Sunday of course was church. Now this is where it got kind of yucky...not the church part...the church people part. You see I have four high maintence children...this is not anything new to me. AND it is not anything new to the people at church. HOWEVER, this Sunday a comment was made that really hurt me. It hurt for several reasons....1. I have done nothing but support this person...100% 2. The persons child is young and has no idea what can and will happen with her in a couple of years....personalities change and they may pick things up at school that you would rather they don't. That's all I have to say on that because I am truly hurt.

After church I left the kids to clean their rooms and ran away to get a pedicure. Thankfully none of them called me to tattle or nag...they just stayed in their rooms and cleaned. I then cleaned my room and bathroom from top to bottom....gotta be a good example you know!

Sunday night I attempted to clean out some of the drv shows that were sitting there and read my little heart out. I slept in again Monday morning...ahhhh. I got up at around 9:30 and cleaned, watched dvr' shows and read.....besides a little straightening up and laundry I did nothing....absolutely nothing.

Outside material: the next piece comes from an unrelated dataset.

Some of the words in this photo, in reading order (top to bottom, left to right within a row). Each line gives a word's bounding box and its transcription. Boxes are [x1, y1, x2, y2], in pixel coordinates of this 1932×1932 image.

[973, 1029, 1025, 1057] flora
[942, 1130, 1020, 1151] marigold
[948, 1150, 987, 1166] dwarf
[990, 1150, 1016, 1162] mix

The sad thing is...I didn't clean out the truck or wash it like I wanted to......but maybe I'll make Joshua do it tonight.

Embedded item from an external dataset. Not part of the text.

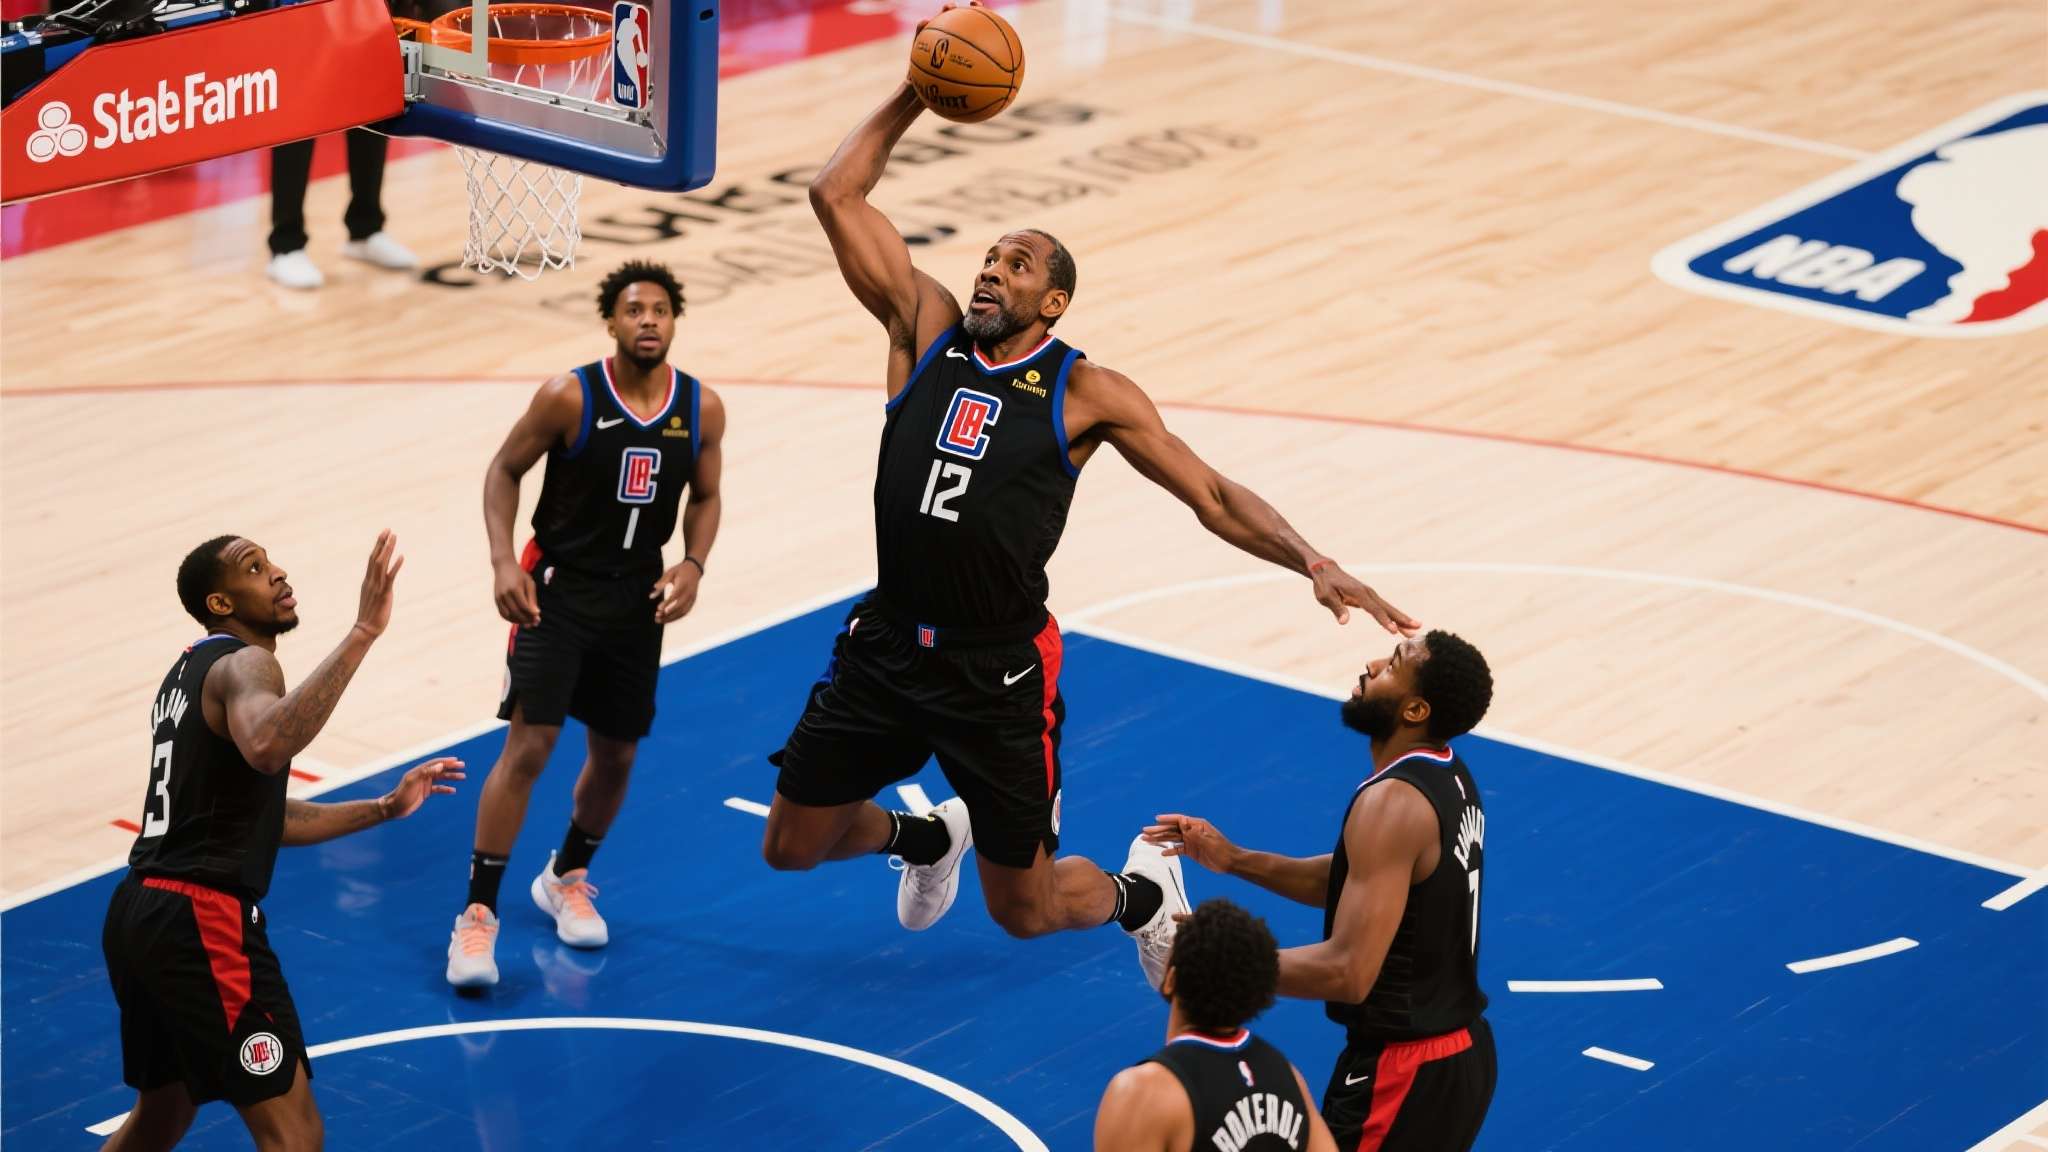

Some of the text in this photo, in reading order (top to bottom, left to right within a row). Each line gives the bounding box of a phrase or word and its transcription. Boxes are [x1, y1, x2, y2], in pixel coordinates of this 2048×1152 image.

[1723, 234, 1927, 302] NBA
[919, 459, 973, 523] 12
[143, 740, 173, 838] 3

So I am wresting with the whole comment about my kids thing.....I know I should forgive and move on...that's the right thing to do. AND I want to I really do ....because after all our friends are human and they will let us down....I am sure I have let people down and I would want the same.

2 comments:

Miss Hope said...

The comment was about what is close to your heart...your kids. Why can't you be hurt over it? I have found in my advanced (ha ha) years...sometimes the whole issue is resolved if I casually make mention that my feelings were indeed hurt. Because I've also found that even though I pray and pray about it...it still can sometimes fester a little and get all agitated. I'd rather clean that slate good than let it come back to haunt me later.

Just my little thought on it.

Glad you got to relax a little bit. I'm still waiting on that to happen here!

DaBlairs said...

oh, you know I'm with Miss Hope on this one. Hello?! Truth in love should be my motto. I say tell that friend you were hurt - it's called communication, and really if that friend is anything like me, the words came out of her head before she even knew the effect of them.